What might conceivably happen is something like this. After this partial brain swap, the first patient might still claim to be the same person he had always been. But he might claim that his memory had been changed. He might now be able to remember things he never knew before.

There are all kinds of weird possibilities. It might be that John Baker might remember his experiences between ages 5 and 20, and also remember his experiences between ages 30 and 60. But his memories of life between ages 20 and 30 might be the memories of Eddy Hawkins. Or it might be that John would no longer remember how to play the piano, but would now remember how to fix cars – knowledge that he had gained from Eddy Hawkins. Eddy, on the other hand, might no longer know how to fix cars, but might now know how to play the piano, something he had never previously known.

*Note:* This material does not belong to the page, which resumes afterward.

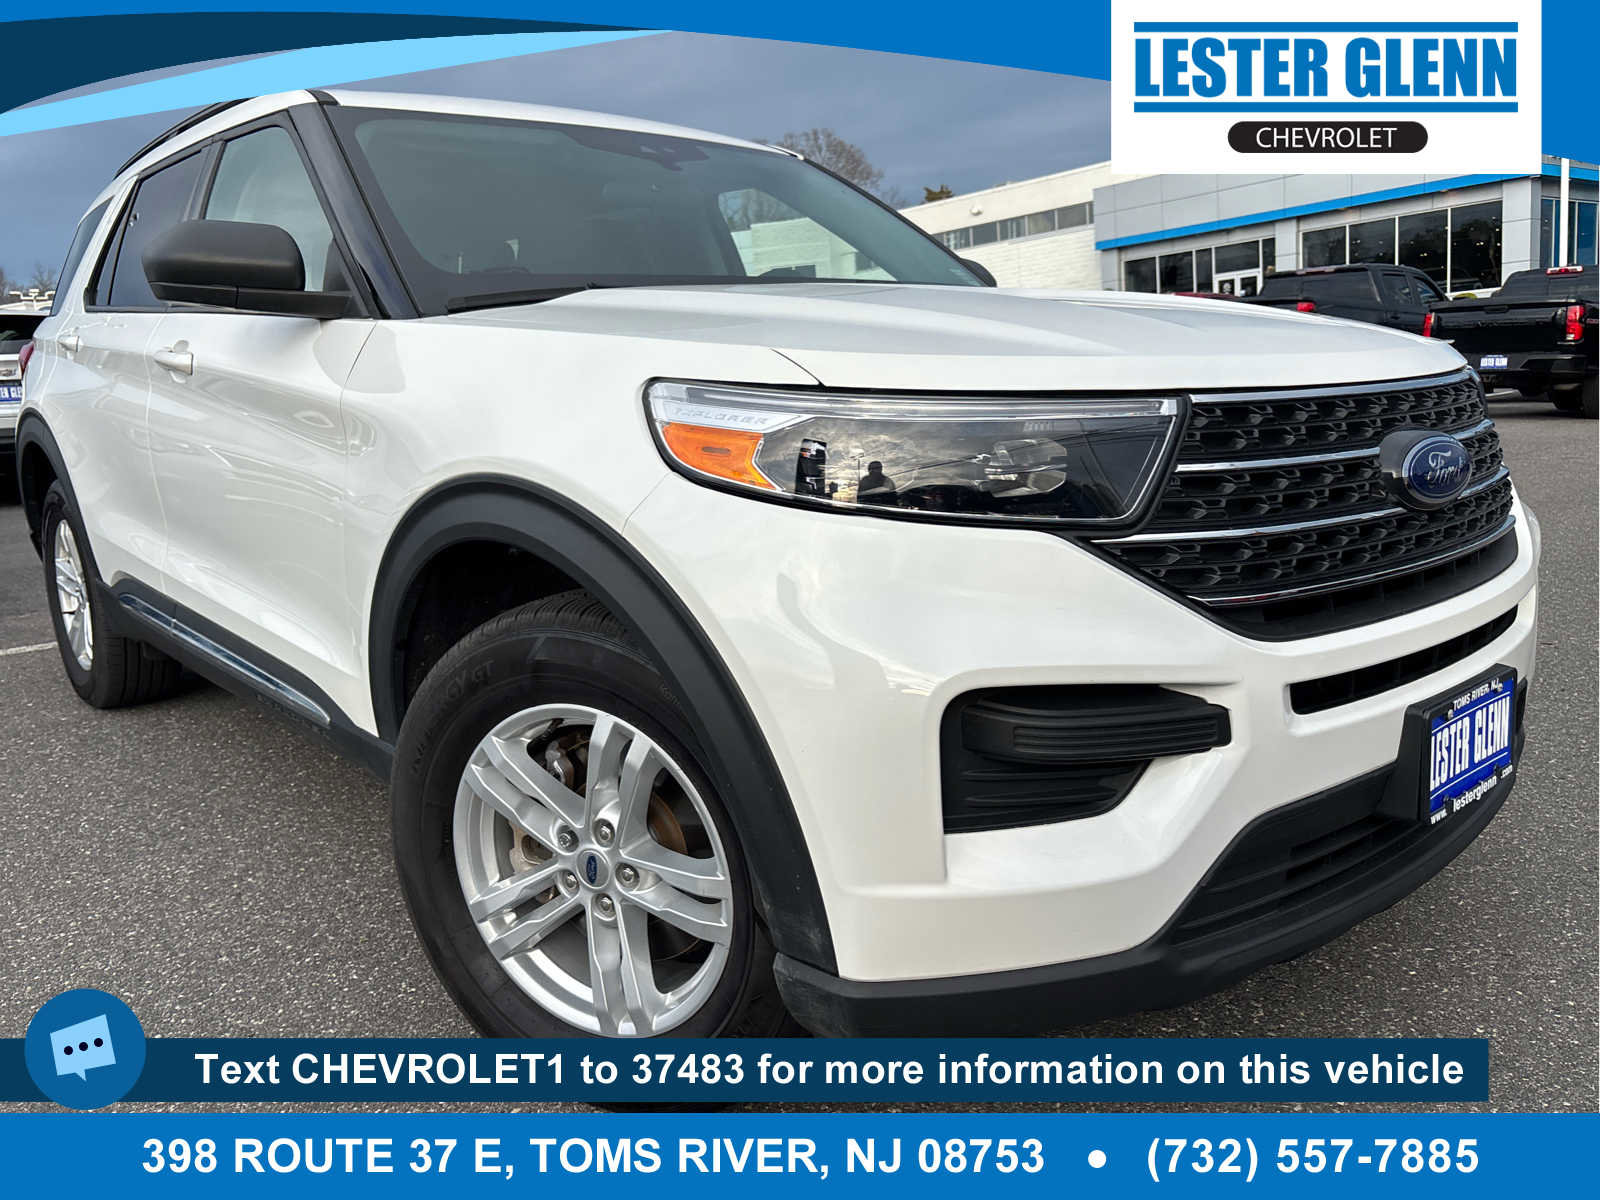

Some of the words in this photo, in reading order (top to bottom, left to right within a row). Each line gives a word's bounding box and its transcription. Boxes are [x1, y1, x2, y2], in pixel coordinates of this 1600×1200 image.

[1453, 693, 1471, 711] TOMS
[1430, 716, 1471, 792] LESTER
[1473, 696, 1511, 764] GLENN
[1453, 775, 1498, 812] lesterglenn

It would seem to be impossible to reconcile any results such as these with any theory that memories are stored in the soul. Given such results, you would finally have proof that memories are stored in the brain. 

partial brain swap
Hypothetical result of a partial brain swap

It is quite possible that such an experiment might be performed. But I doubt very much that it would produce results like those just described. As discussed here, scientists do not have any workable theory of how the brain could be storing memories that last for 50 years. The main theory of memory is that memories are stored in synapses. But there is a huge reason for doubting such a theory. Synapses are subject to rapid molecular turnover and structural turnover which make them unsuitable for storing memories lasting longer than a year.

If this partial brain swap experiment is ever done, I think it will not produce results showing a swapping of memories. I think we will one day be able to swap brain tissues between two people, but I think such an experiment will not actually result in a transfer of memories.

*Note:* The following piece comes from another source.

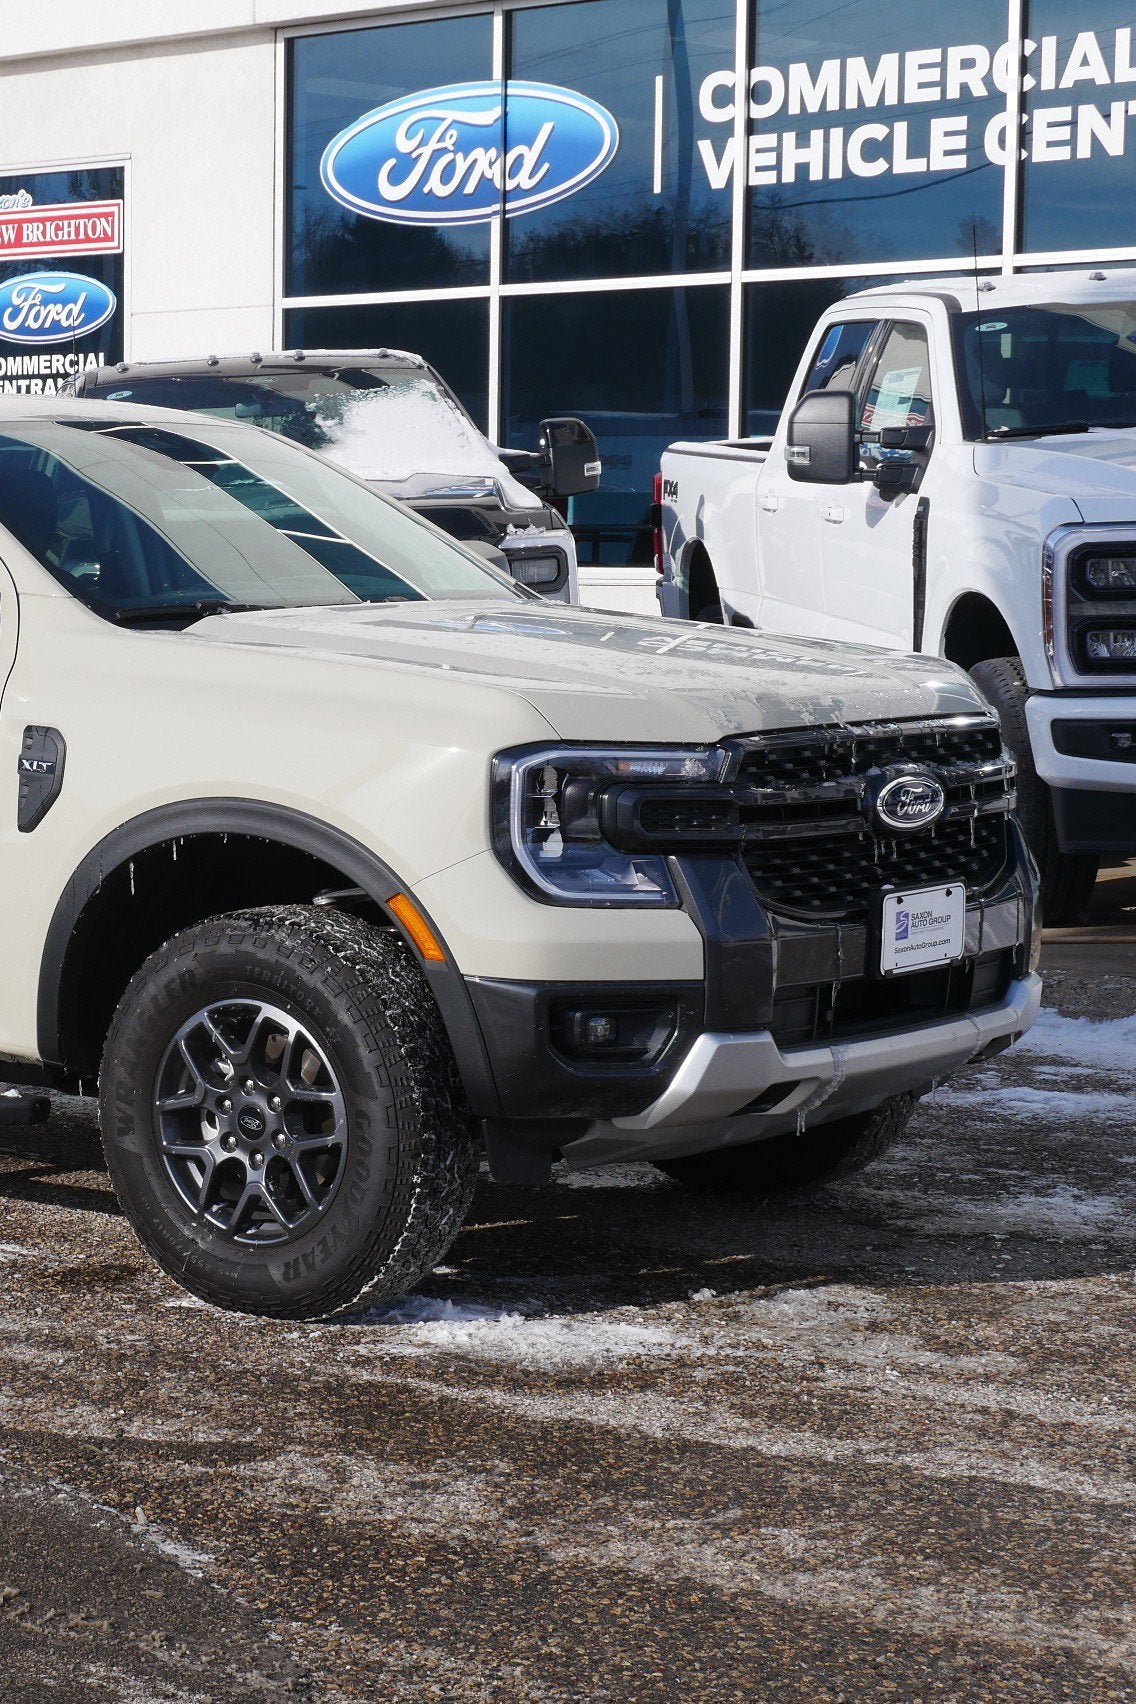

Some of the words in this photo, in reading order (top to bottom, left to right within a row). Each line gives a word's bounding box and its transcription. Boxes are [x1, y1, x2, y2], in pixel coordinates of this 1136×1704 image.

There are experiments such as these that could in theory verify the idea that our memories are stored in brains, but such experiments haven't been done. The claim that all our memories are stored in our brains is a dogmatic assertion not yet proven by either observations or experiments.  Near-death experiences, Lorber's cases of people with good memory but fractional brains, and the lack of a workable detailed theory of brain memory storage all suggest that such a dogma is not correct.  Another thing casting doubt on such a dogma is the very fact that we are able to instantaneously recall obscure facts and distant memories. Scientists have no explanation as to how a brain can do such a thing, which creates all kinds of "how could a brain know where to find the exact location where a memory was stored" explanatory problems discussed here.

Postscript: Some have claimed that Wilder Penfield's experiments show memories are stored in brains, but such claims are unwarranted. Penfield's experiments are described in the book The Human Mind Explained (page 132):

When this area [the temporal lobe] was stimulated, 40 out of about 1000 patients reported vivid flashbacks -- a fragment of a tune, a child calling, being in a room. All were marked by a dreamlike quality with no sense of time or location. He believed that this was evidence that our memories are stored in one place in a complete and recoverable form. Later researchers pointed out, however, that few of the patients recalled actual memories.  

A page online says Penfield "did not provide support for the claim that what was elicited was actually a memory and not a hallucination, fantasy or confabulation."